WHAT TO PRODUCE:
In your copy of the entries, please include no pictures and return every word exactly.

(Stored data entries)
- Opening Delimiter -
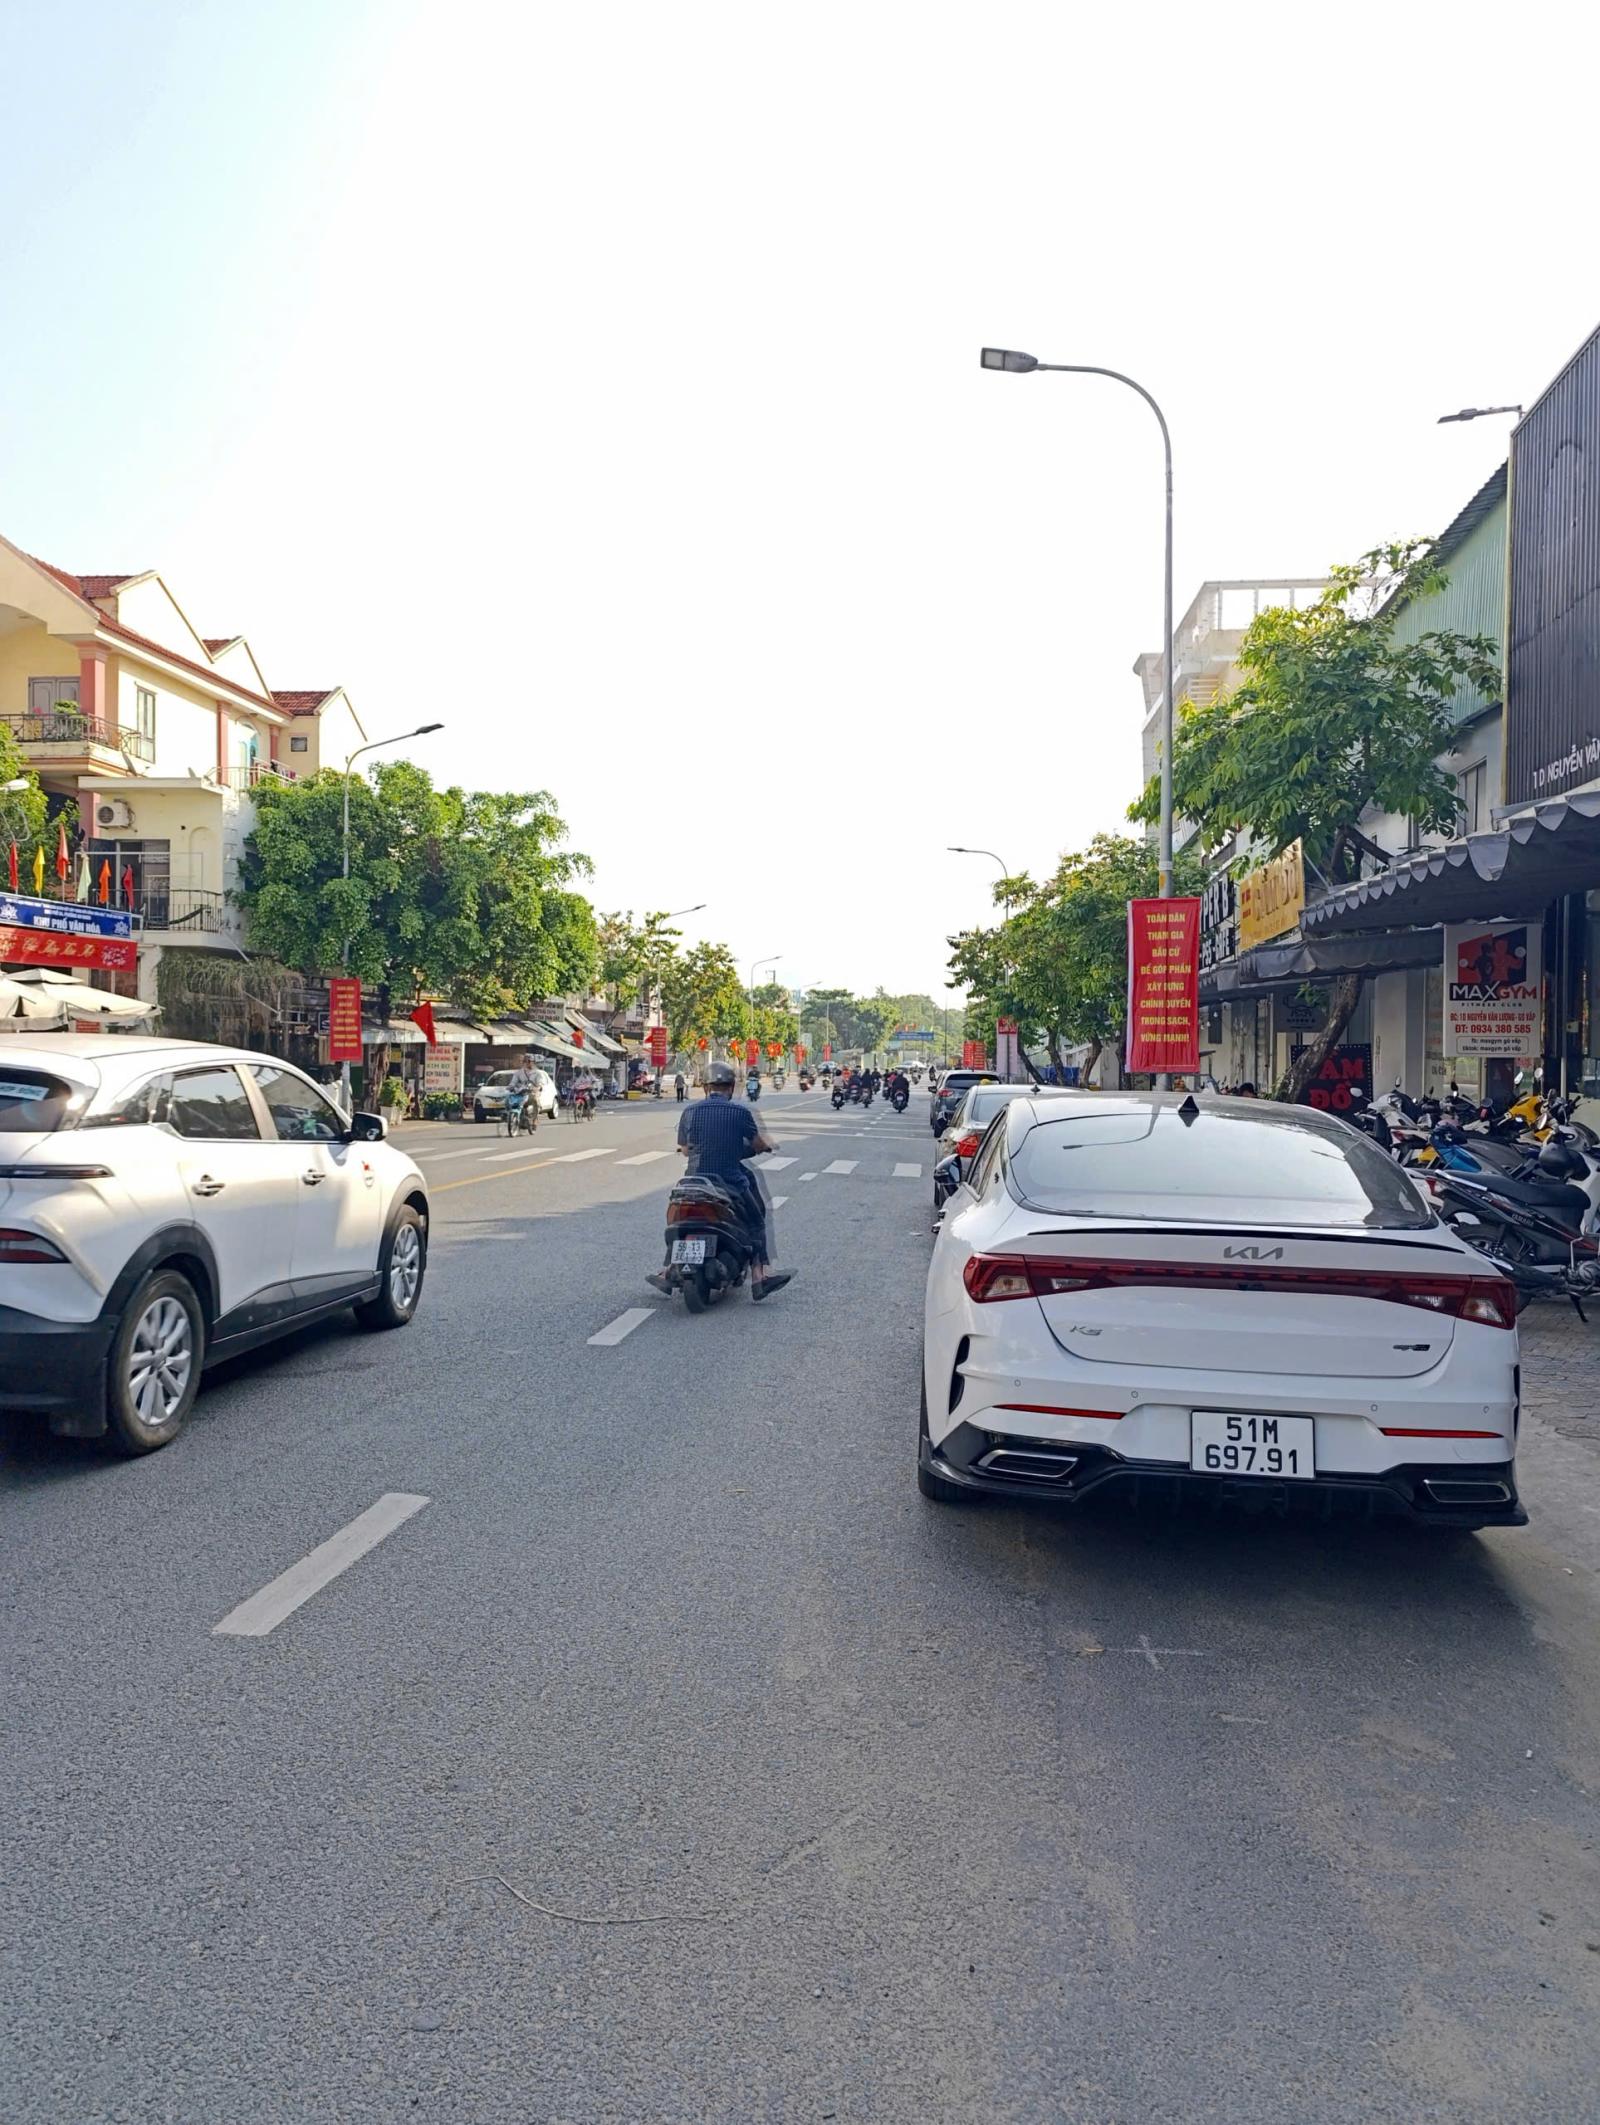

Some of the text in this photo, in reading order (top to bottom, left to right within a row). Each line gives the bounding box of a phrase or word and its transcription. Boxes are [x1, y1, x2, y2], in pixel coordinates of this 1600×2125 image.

[1548, 744, 1582, 783] NGUYỄN
[1146, 912, 1186, 923] TOÀN DÂN
[33, 916, 100, 934] KHU PHỐ VĂN HÓA
[1148, 931, 1184, 940] THAM GIA
[1152, 946, 1167, 957] BẦU
[1152, 964, 1167, 974] GÓP
[1169, 963, 1191, 974] PHẦN
[1147, 982, 1162, 991] XÂY
[1140, 998, 1164, 1008] CHÍNH
[1141, 1016, 1166, 1025] TRONG
[1455, 1024, 1531, 1033] ĐT: 0934 380 585
[1140, 1032, 1162, 1042] VỮNG
[1223, 1246, 1284, 1260] KIA
[1226, 1416, 1278, 1443] 51M
[1206, 1444, 1298, 1474] 697.91
- Closing Delimiter -
ANSWER SPACE:
Some of the text in this photo, in reading order (top to bottom, left to right within a row). Each line gives the bounding box of a phrase or word and its transcription. Boxes are [x1, y1, x2, y2], in pixel coordinates of this 1600×2125 image.

[1548, 744, 1582, 783] NGUYỄN
[1146, 912, 1186, 923] TOÀN DÂN
[33, 916, 100, 934] KHU PHỐ VĂN HÓA
[1148, 931, 1184, 940] THAM GIA
[1152, 946, 1167, 957] BẦU
[1152, 964, 1167, 974] GÓP
[1169, 963, 1191, 974] PHẦN
[1147, 982, 1162, 991] XÂY
[1140, 998, 1164, 1008] CHÍNH
[1141, 1016, 1166, 1025] TRONG
[1455, 1024, 1531, 1033] ĐT: 0934 380 585
[1140, 1032, 1162, 1042] VỮNG
[1223, 1246, 1284, 1260] KIA
[1226, 1416, 1278, 1443] 51M
[1206, 1444, 1298, 1474] 697.91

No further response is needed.